## WHAT IS NEEDED
Every line of the material must be restated exactly, though not its pictures.

## DATA TO PROCESS
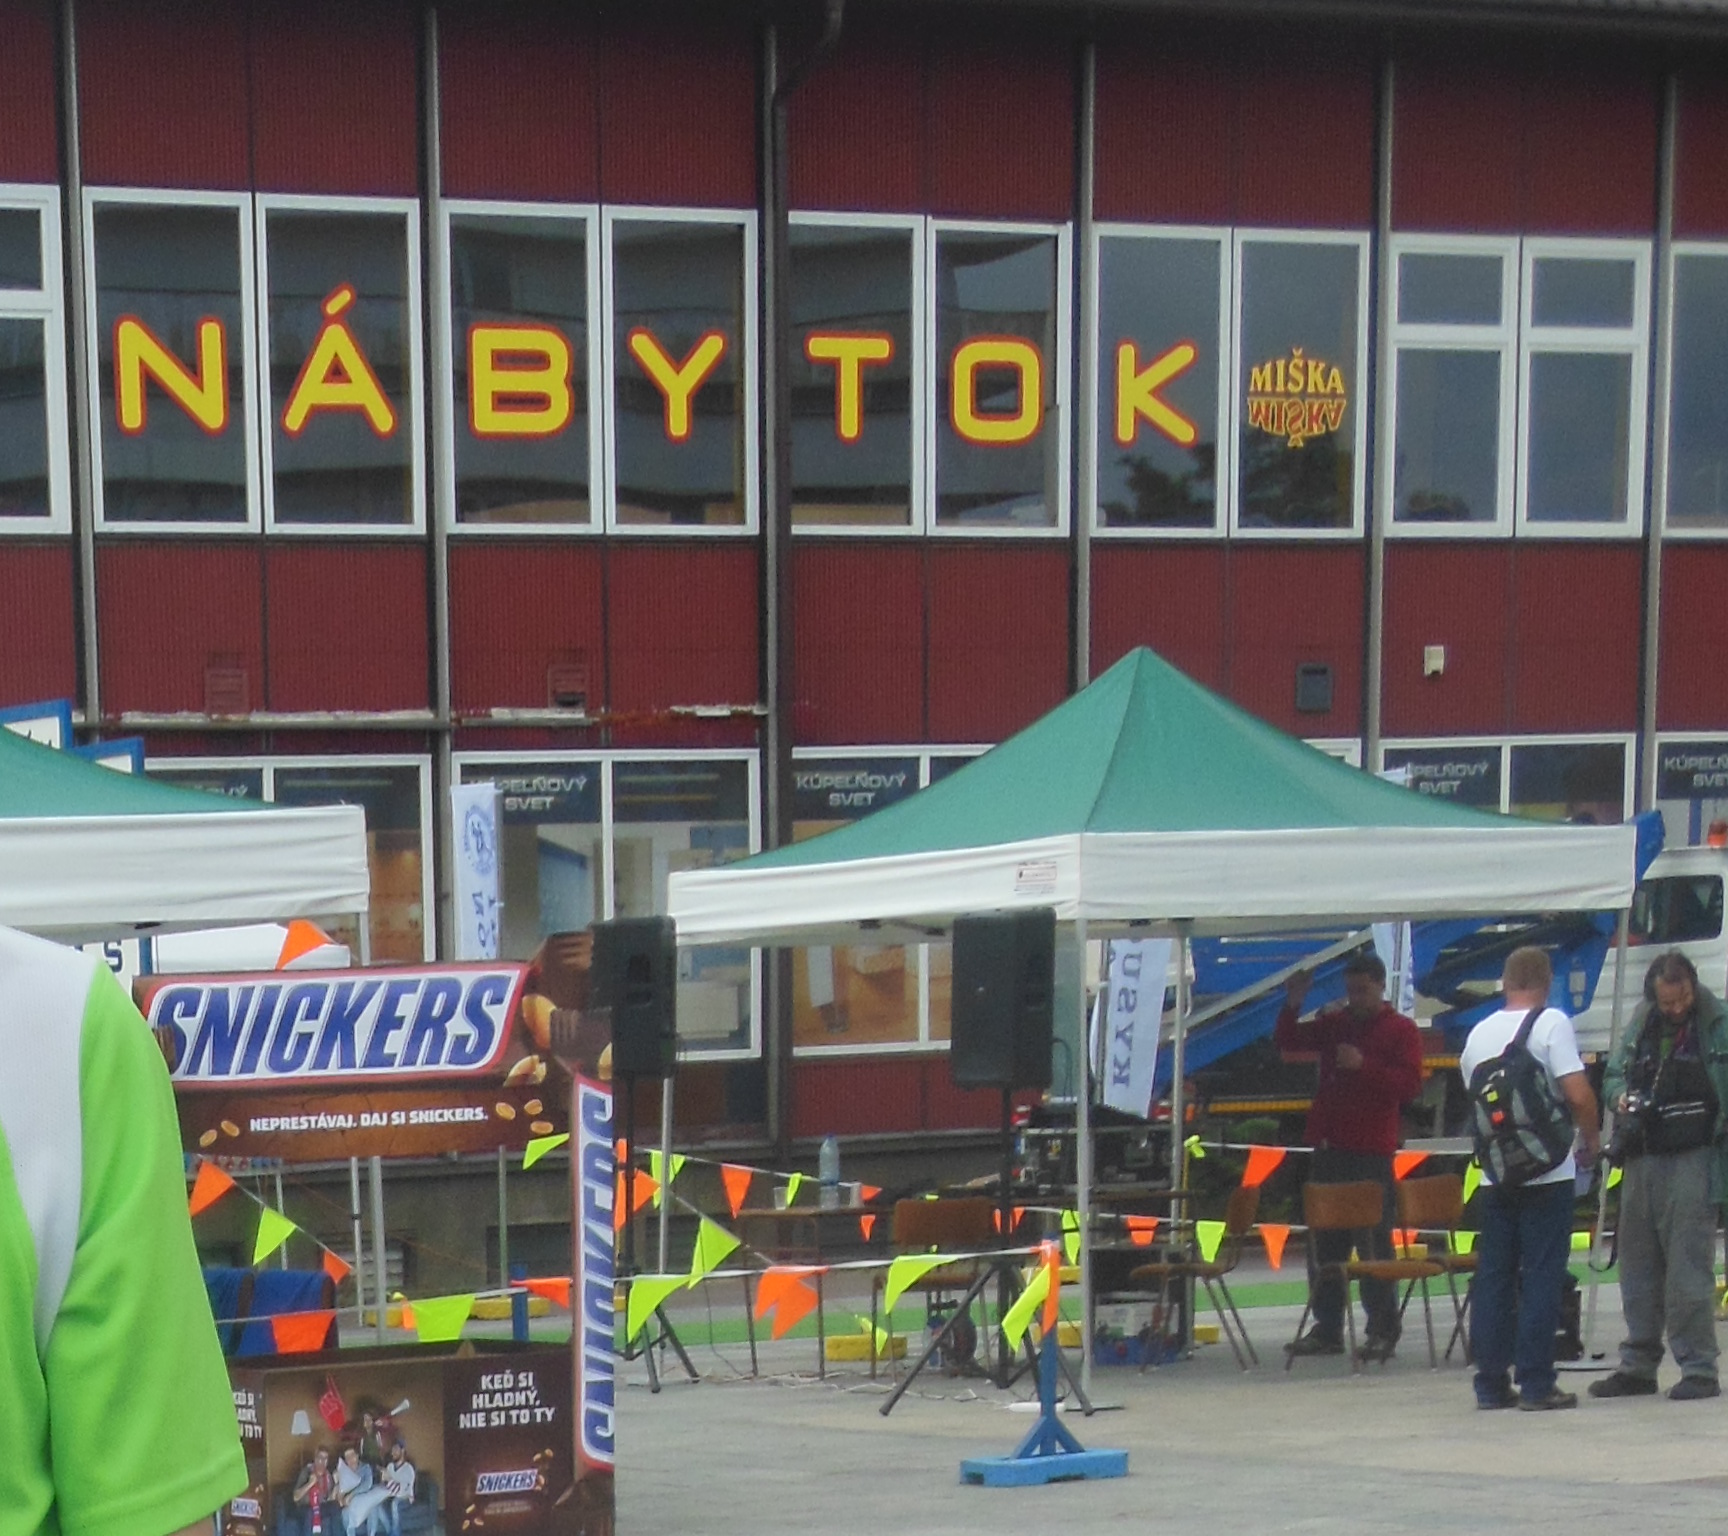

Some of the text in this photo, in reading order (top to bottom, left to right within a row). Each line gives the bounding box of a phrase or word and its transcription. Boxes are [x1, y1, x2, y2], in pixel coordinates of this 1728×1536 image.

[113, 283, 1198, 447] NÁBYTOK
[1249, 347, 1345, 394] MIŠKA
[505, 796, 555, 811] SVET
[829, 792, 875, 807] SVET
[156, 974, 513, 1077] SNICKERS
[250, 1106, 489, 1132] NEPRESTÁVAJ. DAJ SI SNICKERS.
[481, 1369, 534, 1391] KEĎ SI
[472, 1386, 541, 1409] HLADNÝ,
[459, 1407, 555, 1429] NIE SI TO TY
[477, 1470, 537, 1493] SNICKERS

## SOLUTION BELOW
Some of the text in this photo, in reading order (top to bottom, left to right within a row). Each line gives the bounding box of a phrase or word and its transcription. Boxes are [x1, y1, x2, y2], in pixel coordinates of this 1728×1536 image.

[113, 283, 1198, 447] NÁBYTOK
[1249, 347, 1345, 394] MIŠKA
[505, 796, 555, 811] SVET
[829, 792, 875, 807] SVET
[156, 974, 513, 1077] SNICKERS
[250, 1106, 489, 1132] NEPRESTÁVAJ. DAJ SI SNICKERS.
[481, 1369, 534, 1391] KEĎ SI
[472, 1386, 541, 1409] HLADNÝ,
[459, 1407, 555, 1429] NIE SI TO TY
[477, 1470, 537, 1493] SNICKERS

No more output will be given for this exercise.